North Macedonia may not be the first country that comes to mind when discussing Russian propaganda. Despite this, the small Balkan state continues to grapple with consistent efforts by the Kremlin to influence domestic politics. Such campaigns are ultimately designed to challenge the nation’s continued desire to further integrate with the West through EU membership.

Supporting democracy does not come cheap, but then again freedom is also costly. In Kherson, Bakhmut and Zaporizhzhia the cost is in human lives. In Europe it is in the ever-rising electricity and utility bills. For North Macedonia, a small country in the middle of the Western Balkans, prices are not the only problem. The youngest member so far of NATO, for the past several months especially, has faced textbook hybrid attacks intended to create fear, panic and distrust in state institutions.

February 15, 2023 - Jovan Gjorgovski - AnalysisIssue 1-2 2023Magazine

Flag raising ceremony to mark the accession of North Macedonia to NATO in 2020. The country is one of the main contributors per capita in terms of military hardware and assistance to Ukraine since the start of the war. Photo courtesy of NATO.

Ever since the start of the war in Ukraine and the declared support of the Macedonian leadership for Kyiv, the country found itself on the Kremlin’s “naughty” list, deemed by the Russian leadership as unfriendly. This act was unfortunately not considered too serious by the government or the Macedonian population.

200 bomb threats in three months

It all started with a bomb threat in one high school, something that does not regularly happen in this country.

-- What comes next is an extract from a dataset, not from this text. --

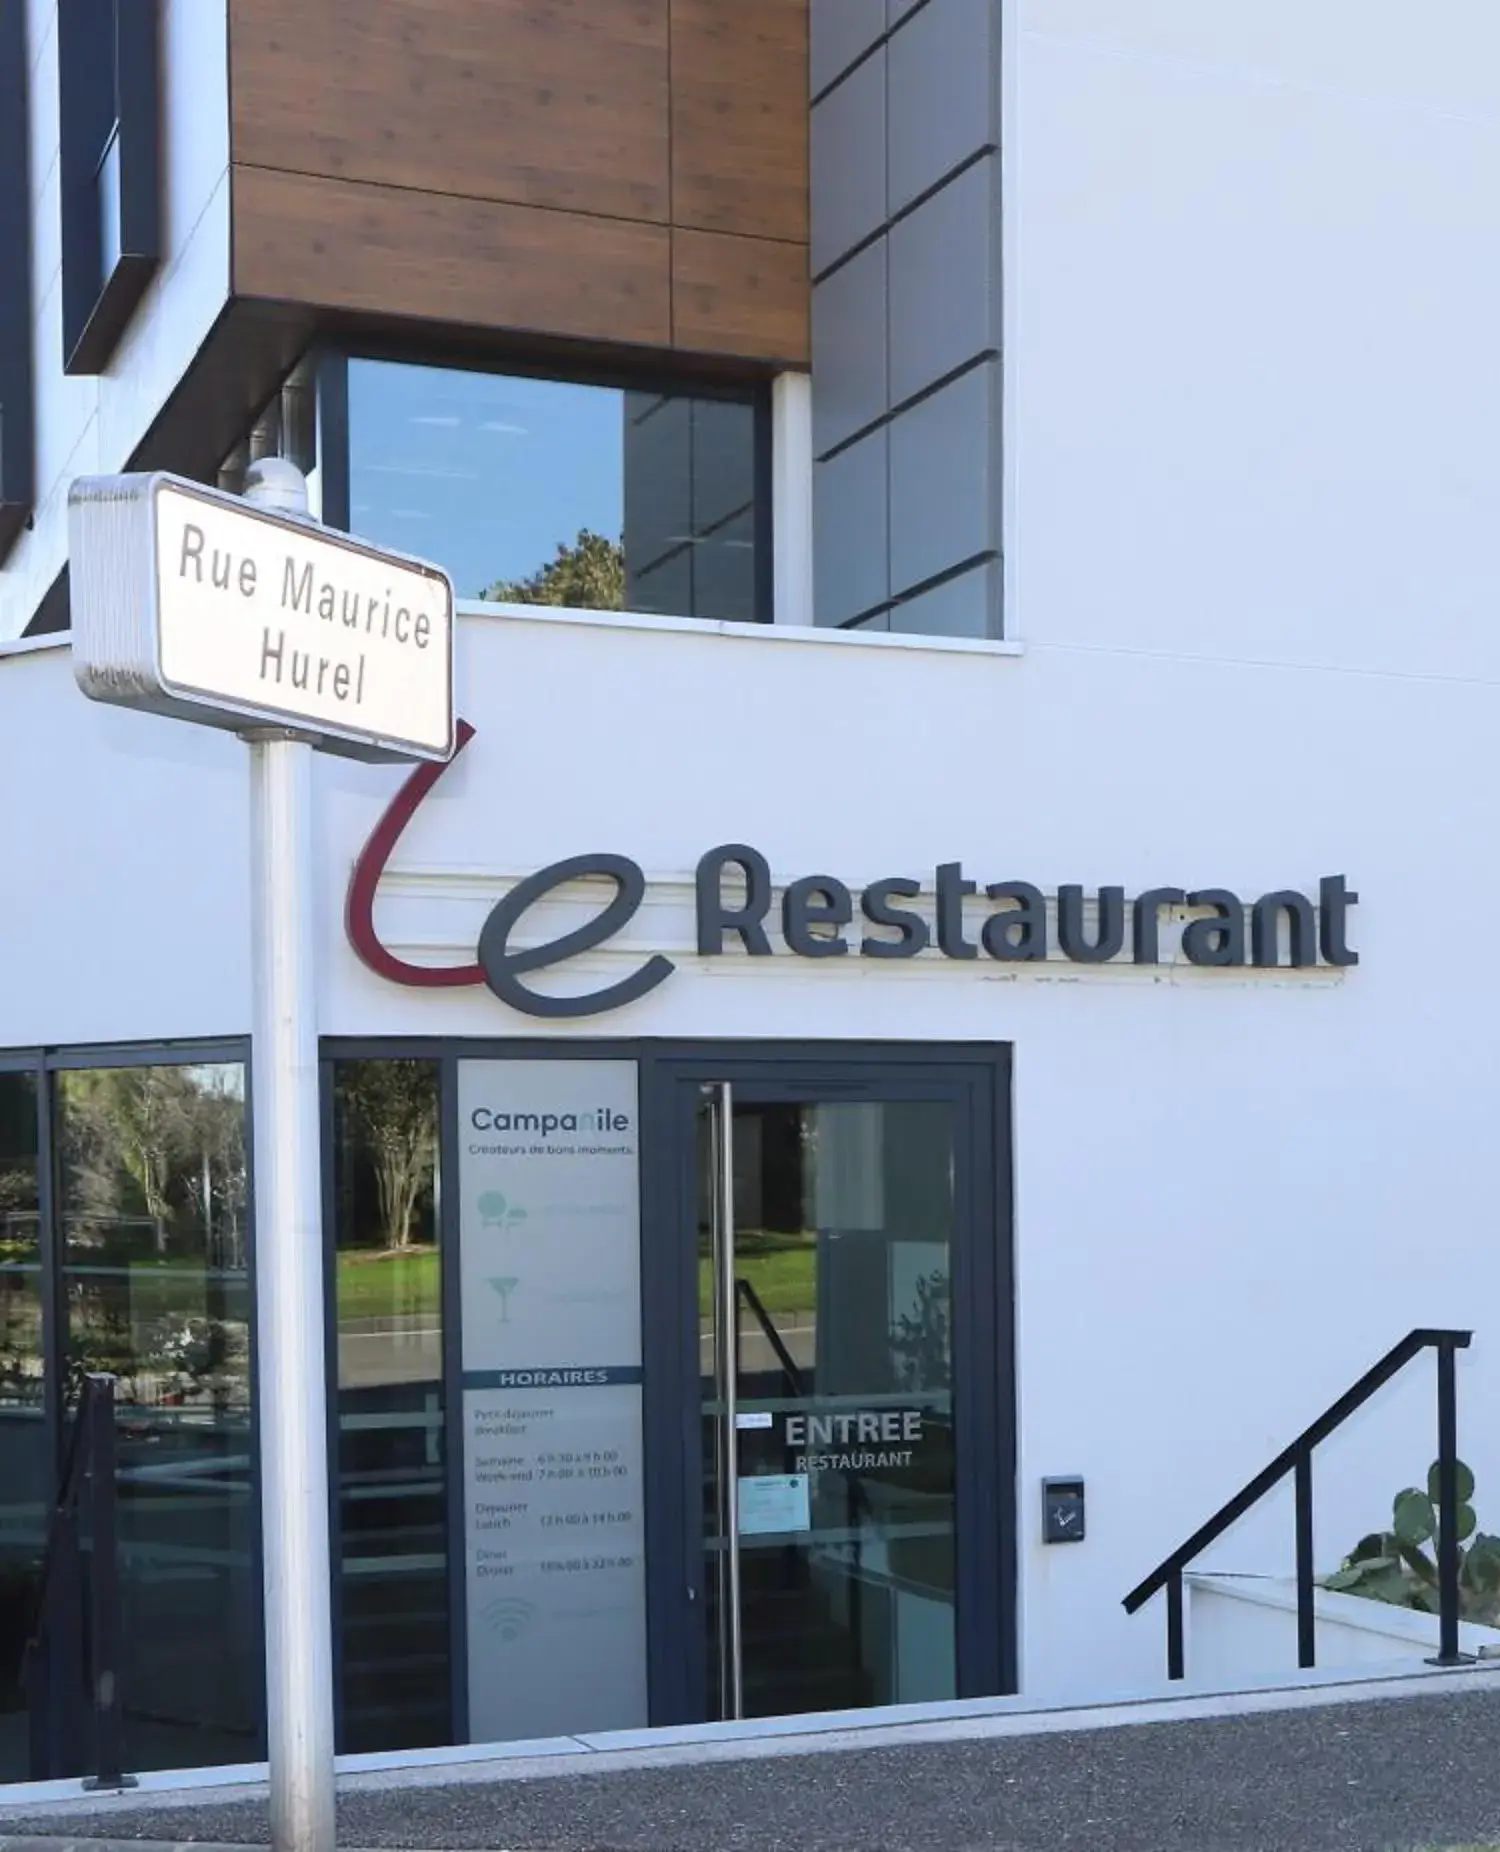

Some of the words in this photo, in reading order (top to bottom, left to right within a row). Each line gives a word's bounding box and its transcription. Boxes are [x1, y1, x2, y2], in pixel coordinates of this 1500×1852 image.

Two days later there were seven bomb threats in several high schools. Emails were sent via Proton Mail (an anonymous email service) and no one claimed responsibility. At the same time, the threats were not taken seriously. Almost everyone, myself included, believed that it was probably the work of a teenager who wanted to get out of some kind of test and was trying to avoid going to school.

Day by day, however, the threats continued. Schools were evacuated, parents were angry, the capital Skopje was blocked by police and bomb squads, finding each and every time that the threats were false. Journalists raised the issue of whether it was some kind of a hybrid attack, but even then the politicians did not admit publicly that it was actually Russia that was behind these events. Of course, in the current political situation in North Macedonia, every moment of this saga is used for political gain in one way or another. The most fortunate development is that all of the reported bomb threats have been hoaxes. There were even several arrests by the police. Some of those arrested were pursuing nothing more than publicity stunts, while some were just poor copycats of the real perpetrators.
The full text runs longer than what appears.